Please make an exact transcription of the records, keeping the pictures out of it.

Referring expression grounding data
━━━━━━━━
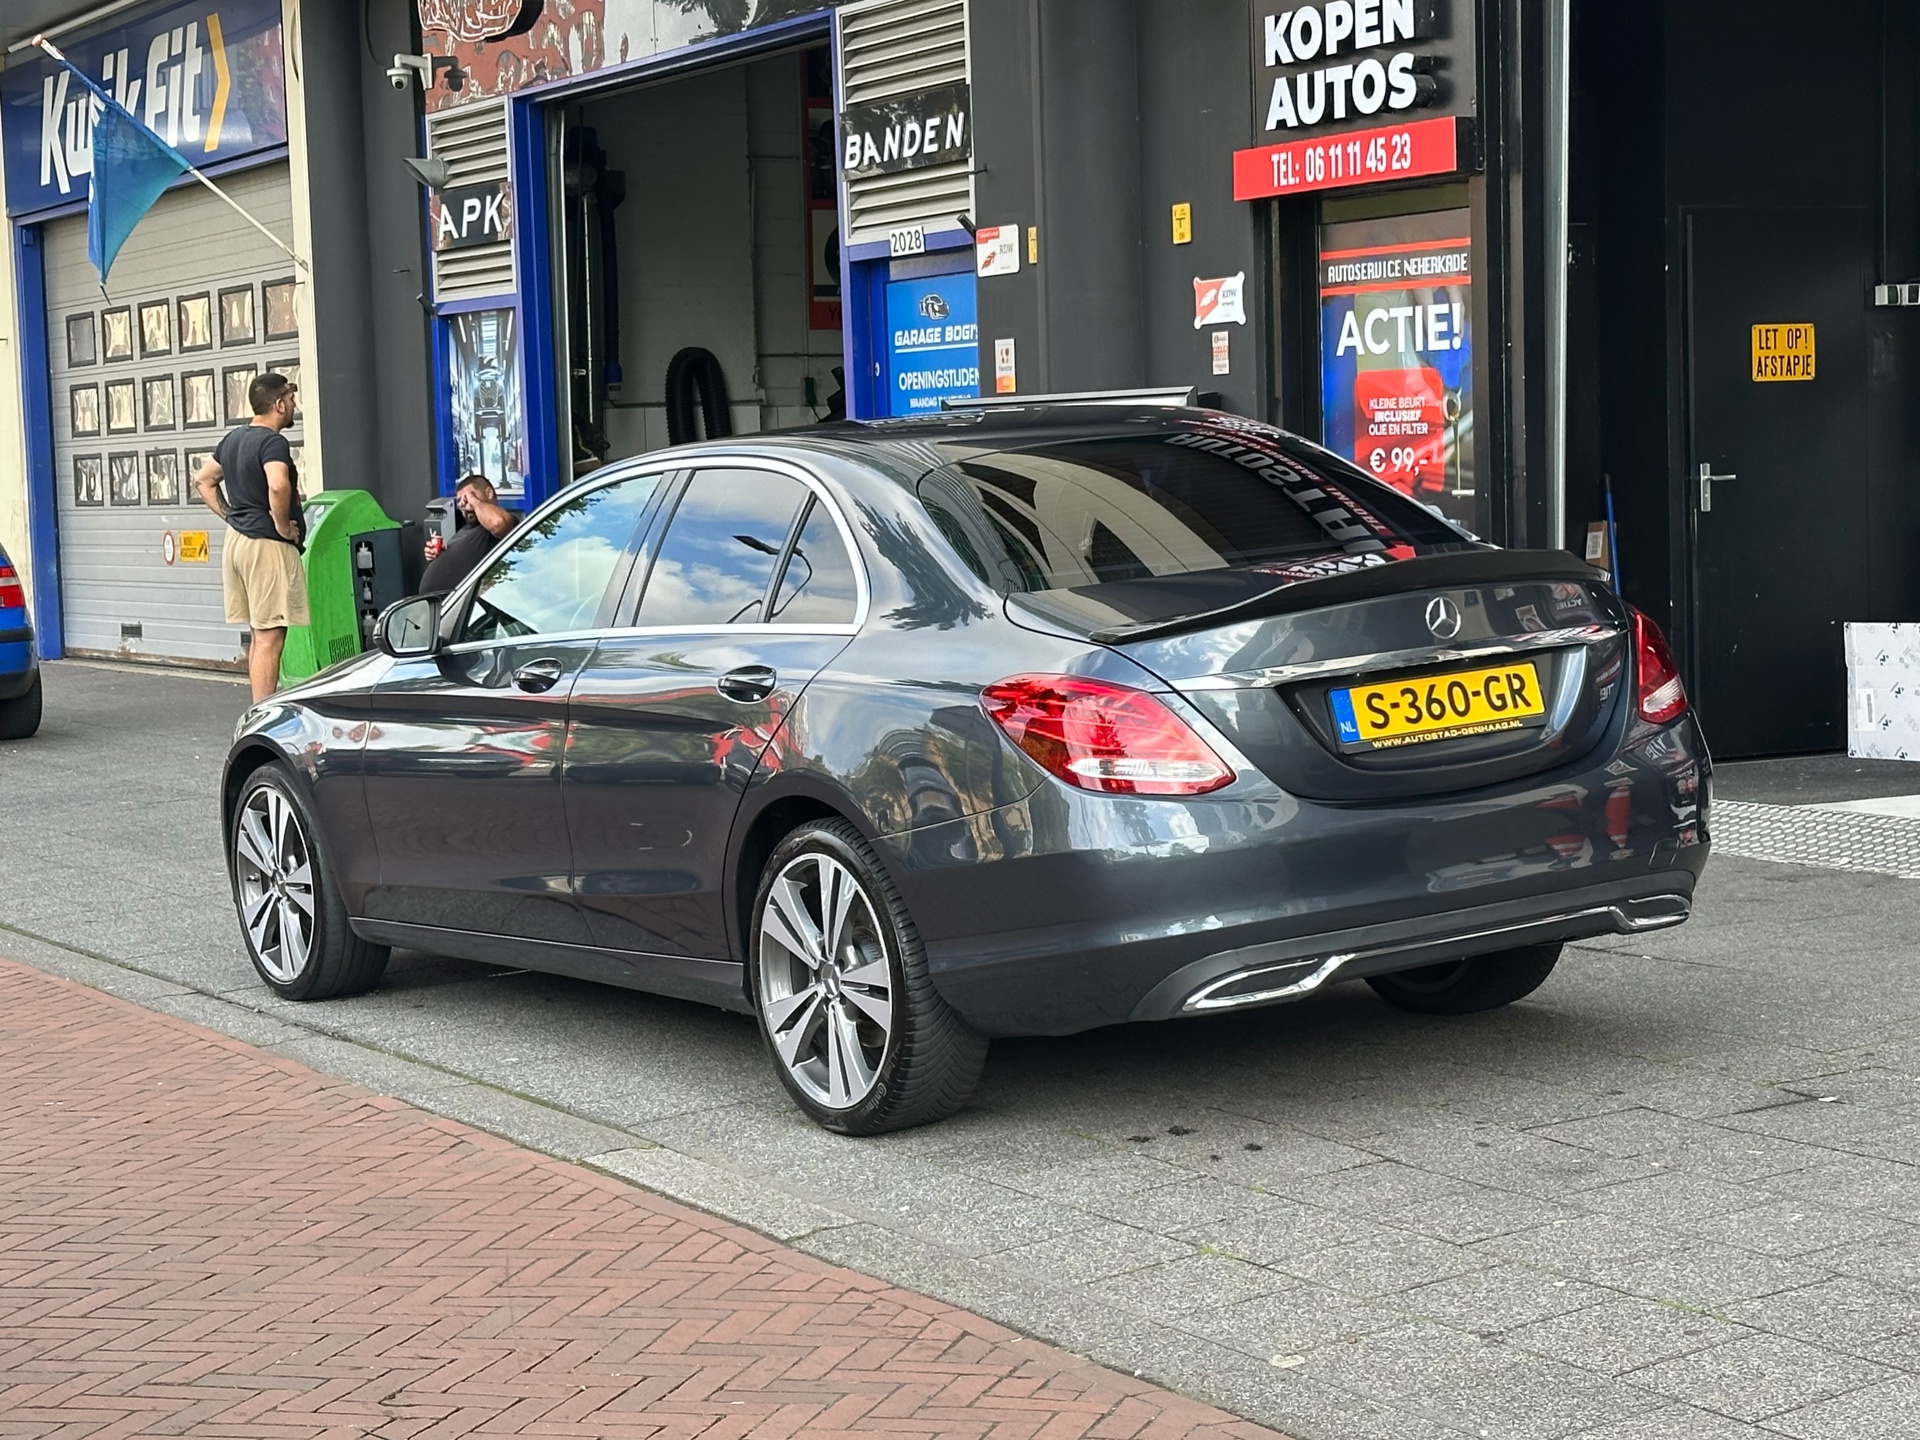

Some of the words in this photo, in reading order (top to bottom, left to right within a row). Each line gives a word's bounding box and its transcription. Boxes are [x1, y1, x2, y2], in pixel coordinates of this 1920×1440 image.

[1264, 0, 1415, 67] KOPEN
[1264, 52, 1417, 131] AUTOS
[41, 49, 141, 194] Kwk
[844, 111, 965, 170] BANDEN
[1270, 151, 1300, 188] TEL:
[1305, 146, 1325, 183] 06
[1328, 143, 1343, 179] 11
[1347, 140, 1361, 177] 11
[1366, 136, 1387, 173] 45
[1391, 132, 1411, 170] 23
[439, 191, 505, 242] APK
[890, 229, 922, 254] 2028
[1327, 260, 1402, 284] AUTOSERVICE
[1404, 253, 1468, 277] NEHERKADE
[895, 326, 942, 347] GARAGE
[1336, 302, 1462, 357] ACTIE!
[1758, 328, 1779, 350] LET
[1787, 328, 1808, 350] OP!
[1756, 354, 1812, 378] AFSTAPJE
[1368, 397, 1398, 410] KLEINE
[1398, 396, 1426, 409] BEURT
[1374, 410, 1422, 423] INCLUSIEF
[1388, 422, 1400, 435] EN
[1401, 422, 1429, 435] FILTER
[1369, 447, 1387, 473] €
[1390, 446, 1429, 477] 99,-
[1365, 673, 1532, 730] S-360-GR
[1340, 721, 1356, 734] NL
━━━━━━━━
Output of the task:
Some of the words in this photo, in reading order (top to bottom, left to right within a row). Each line gives a word's bounding box and its transcription. Boxes are [x1, y1, x2, y2], in pixel coordinates of this 1920×1440 image.

[1264, 0, 1415, 67] KOPEN
[1264, 52, 1417, 131] AUTOS
[41, 49, 141, 194] Kwk
[844, 111, 965, 170] BANDEN
[1270, 151, 1300, 188] TEL:
[1305, 146, 1325, 183] 06
[1328, 143, 1343, 179] 11
[1347, 140, 1361, 177] 11
[1366, 136, 1387, 173] 45
[1391, 132, 1411, 170] 23
[439, 191, 505, 242] APK
[890, 229, 922, 254] 2028
[1327, 260, 1402, 284] AUTOSERVICE
[1404, 253, 1468, 277] NEHERKADE
[895, 326, 942, 347] GARAGE
[1336, 302, 1462, 357] ACTIE!
[1758, 328, 1779, 350] LET
[1787, 328, 1808, 350] OP!
[1756, 354, 1812, 378] AFSTAPJE
[1368, 397, 1398, 410] KLEINE
[1398, 396, 1426, 409] BEURT
[1374, 410, 1422, 423] INCLUSIEF
[1388, 422, 1400, 435] EN
[1401, 422, 1429, 435] FILTER
[1369, 447, 1387, 473] €
[1390, 446, 1429, 477] 99,-
[1365, 673, 1532, 730] S-360-GR
[1340, 721, 1356, 734] NL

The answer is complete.